Women’s soccer has witnessed explosive growth in recent years. Here on Vancouver Island, Brian Royer-Collard was the spark that lit that fuse.
Royer-Collard moved to Cordova Bay in 1975 and immediately became involved in soccer, helping to bring the first girls’ league to life in 1976.
“There was a lot of opposition from the regular soccer clubs,” he said. “The girls required fields and the fields were at a premium then because we didn’t have the turf fields we have now so in the winter the fields were few and far between.”
But Royer-Collard persevered to help girls soccer get off the ground. “The funny thing is, in Cordova Bay, through the years the girls won far more trophies than the boys did,” he says with a chuckle.
The 84-year-old retired from regular coaching duties last year, but still coaches a Saanich Fusion team in the women’s summer league. His passion for the game and the people who play have brought numerous accolades over the years. Royer-Collard was at the Beach House Restaurant Tuesday night to accept his latest honour, being named Mentor/Coach of the Year for the Cordova Bay Community Leadership Awards.
But it’s the honours on the field that mean the most to Royer-Collard. He recalls coaching his daughter when she was 10 and the only competition they could find were teams of 16-year-olds. They lost every game that first year, but his team of 11-year-olds managed to lock up third place the following year.

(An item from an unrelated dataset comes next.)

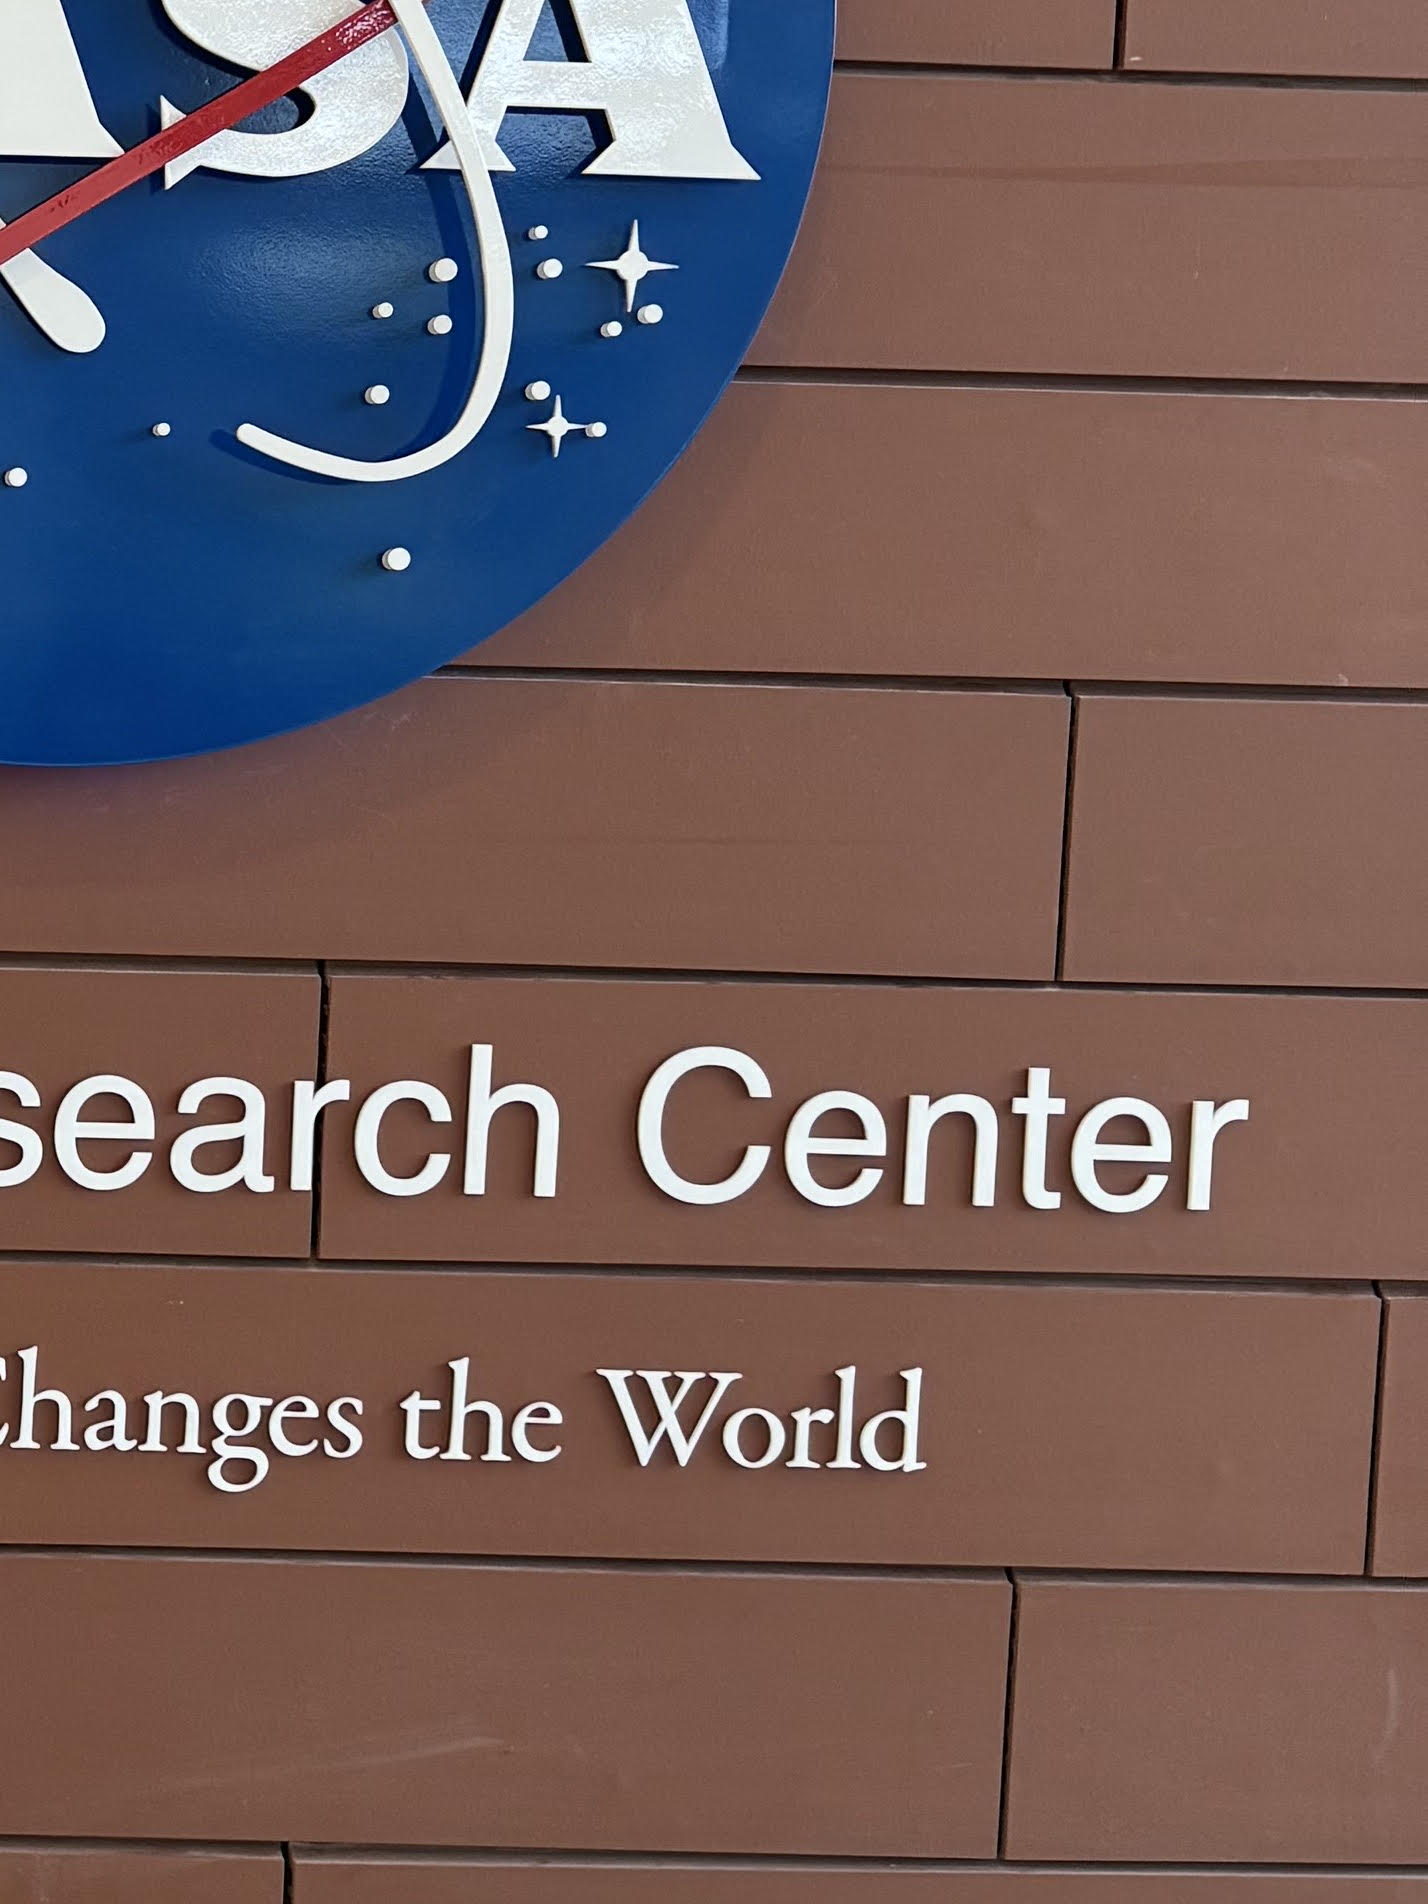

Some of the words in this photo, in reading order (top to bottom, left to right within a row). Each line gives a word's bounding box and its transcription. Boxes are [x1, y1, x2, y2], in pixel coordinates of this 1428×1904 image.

[638, 1046, 1250, 1213] Center
[399, 1356, 563, 1463] the
[596, 1365, 927, 1473] World

“For the next seven years, we only lost one game,” said Royer-Collard, who can still recall the goal that brought that solitary loss.
Over the years, he has coached his son and daughter as well as his grandchildren. His great-grandchildren live in Sooke, “so it wasn’t practical to coach them.”
He said at one period, they were coaching five teams out of his house.
“I was coaching two, my wife Jeanne she was coaching two and my daughter was coaching one. And that was before the advent of email so there was a lot of phone calls going back and forth.”
But his contributions to the Cordova Bay Soccer Association go far beyond coaching. He was a longtime referee and was instrumental in bringing electric lighting to the fields and has taken an active role in the maintenance of the turf fields.
Royer-Collard said the most important thing a coach can do is to make the practices interesting.
“Then you have to have a good knowledge of the game and teach the three basic skills,” he said. “To me the most important one was fitness. You can have all the skills you like, but if you don’t have fitness you’re not going to win. Then you have the skills and the theory of the game.”
And true to form, Royer-Collard stands on the side of the hundreds, if not thousands, of girls he has coached over the years.
“Boys just want to get out there and run and kick the ball around. Girls will listen to you because they’re really keen to learn.”